Hoy más que nunca se está muy lejos de aquella frase histórica que en los mexicanos se maneja cuando las cosas van saliendo en común acuerdo, sin pelear, sin discusiones, y menos, sin agresiones: “ya nos vamos entendiendo”.

Efectivamente, el mundo de las redes sociales está tan marcado en cada uno de los millones de mexicanos que las decisiones políticas que se manejan en la máxima tribuna del país, no les importa ni les interesa. Hoy las recomendaciones, los consejos, las recetas médicas, las parodias, los chistes, las peleas de pareja traducidas en comedia, son el pan de cada día y son lo que se consume digitalmente a diario o, mejor dicho, cada segundo del día.

Esta apertura a lo que sucede en el barrio, en el municipio, en el estado, en el país o en el mundo, es lo que consumimos. Los que nos atrapa a través del celular, pero no para enterarnos de los acontecimientos que están transformando la vida de México y de cómo se están limitando las decisiones de las personas, pues dado el momento, cuando quieran protestar, se habrán dado cuenta que ya es demasiado tarde.

La manipulación a gran escalada que se hace desde las cupulas del poder tiene hoy al ciudadano maniatado, pero no lo sabe ni le interesa.

Hoy la frase histórica que asentó desde la tribuna el ex priista y actualmente arropado bajo el manto de Morena, el senador Óscar Cantón Zetina, cuando dijo que la llamada »Cuarta Transformación» es la «dictadura más democrática del mundo» nos da la razón de lo que decimos.

La democracia como tal, en toda su extensión de la palabra, ha pasado a formar parte del pasado. Hoy su accionar la antecede lo que también pudo haber dicho que es la tiranía o sólo le faltó decir, lo que en su momento pronunció el escritor peruano, enemigo del régimen de la cuarta transformación, Mario Vargas Llosa, cuando se refirió a la política que se emprende en México desde el sexenio pasado como la Dictadura Perfecta.

El senador Zetina tiene razón cuando afirma que la oposición no tiene la fuerza electoral para derrotar a Morena, partido fundado por Andrés Manuel López Obrador, porque “es una dictadura …y no podrán incidir en las decisiones de las grandes mayorías”.

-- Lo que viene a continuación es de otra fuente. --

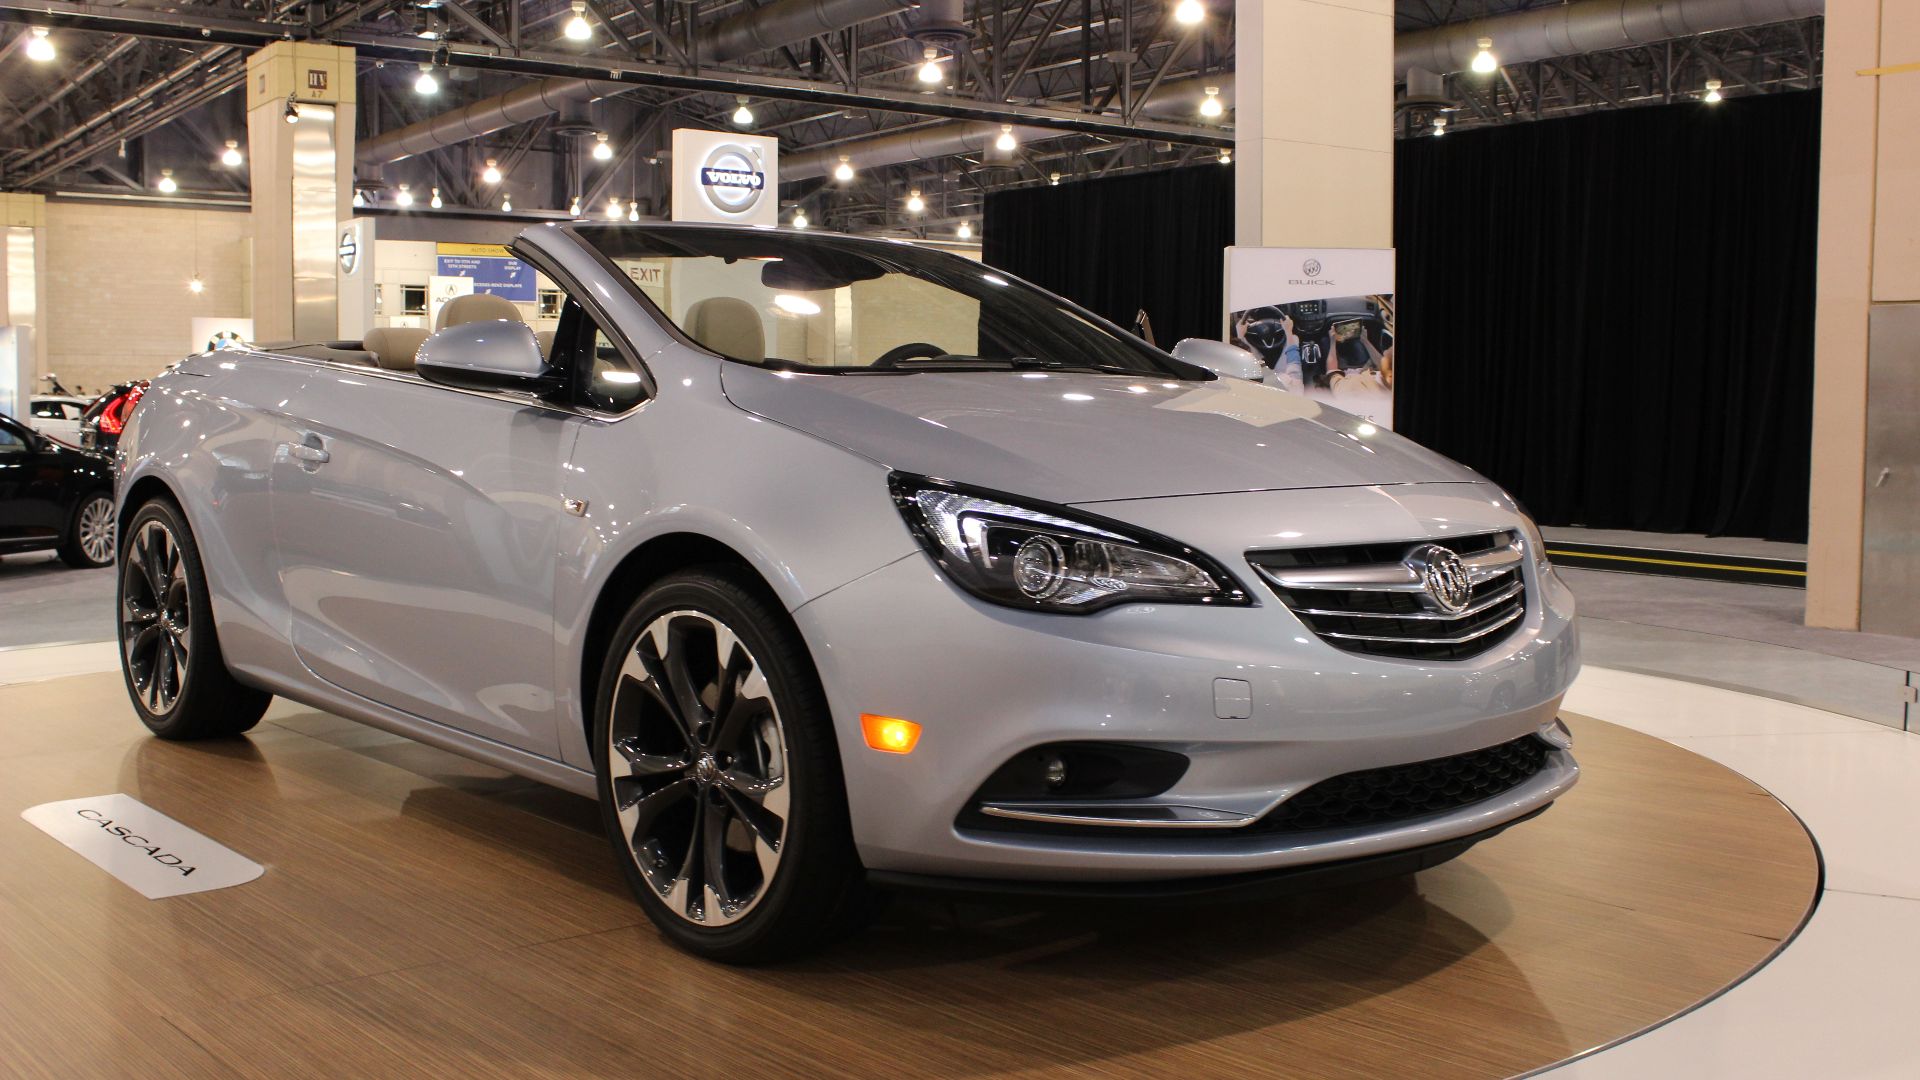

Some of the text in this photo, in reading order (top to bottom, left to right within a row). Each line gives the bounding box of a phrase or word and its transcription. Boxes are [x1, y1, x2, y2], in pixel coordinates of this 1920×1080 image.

[705, 171, 762, 187] VOLVO
[630, 267, 661, 282] EXIT
[77, 809, 196, 877] CASCADA

La verdad que en lo primero tiene mucha razón, pasarán algunos años para que haya contrapesos en la política, dado el avasallamiento que tiene el Ejecutivo sobre el Judicial, pues si hablamos del Legislativo, ese nunca ha tenido autonomía para decidir por el bien del país.

En lo que se equivoca o, mejor dicho, quiere vender espejitos el senador, es cuando afirma que lo que Morena y sus aliados aprueban es porque así lo decidieron las mayorías en las urnas.

Se engaña a sí mismo o intenta engañar al auditorio pues la gente votó, pero no para que desbarataran al Poder Judicial o para desaparecer los órganos autónomos que hacían contrapeso a las decisiones gubernamentales. No, votó por la esperanza de un partido que cambiara para bien, para darle voz a las minorías, para respetar los derechos humanos, para extenderle la mano a las madres que sufren la desaparición de sus hijos, para combatir al crimen organizado, para que se transparente las investigaciones periodísticas que acusan con pruebas, los actos de corrupción.

No se trata de hablar en negativo, sino de reconocer que este entramado desde el poder tiene su fin político, su dosis de empoderamiento, que necesariamente se monta sobre los más débiles. Ojalá que esta supremacía de aplastar se reconsidere por el bien de México, para no abrigar esperanzas de que podemos volvernos una nación que le eche competencia a Venezuela, a Cuba o a Nicaragua, sólo por mencionar a países del mismo continente donde se ubica México.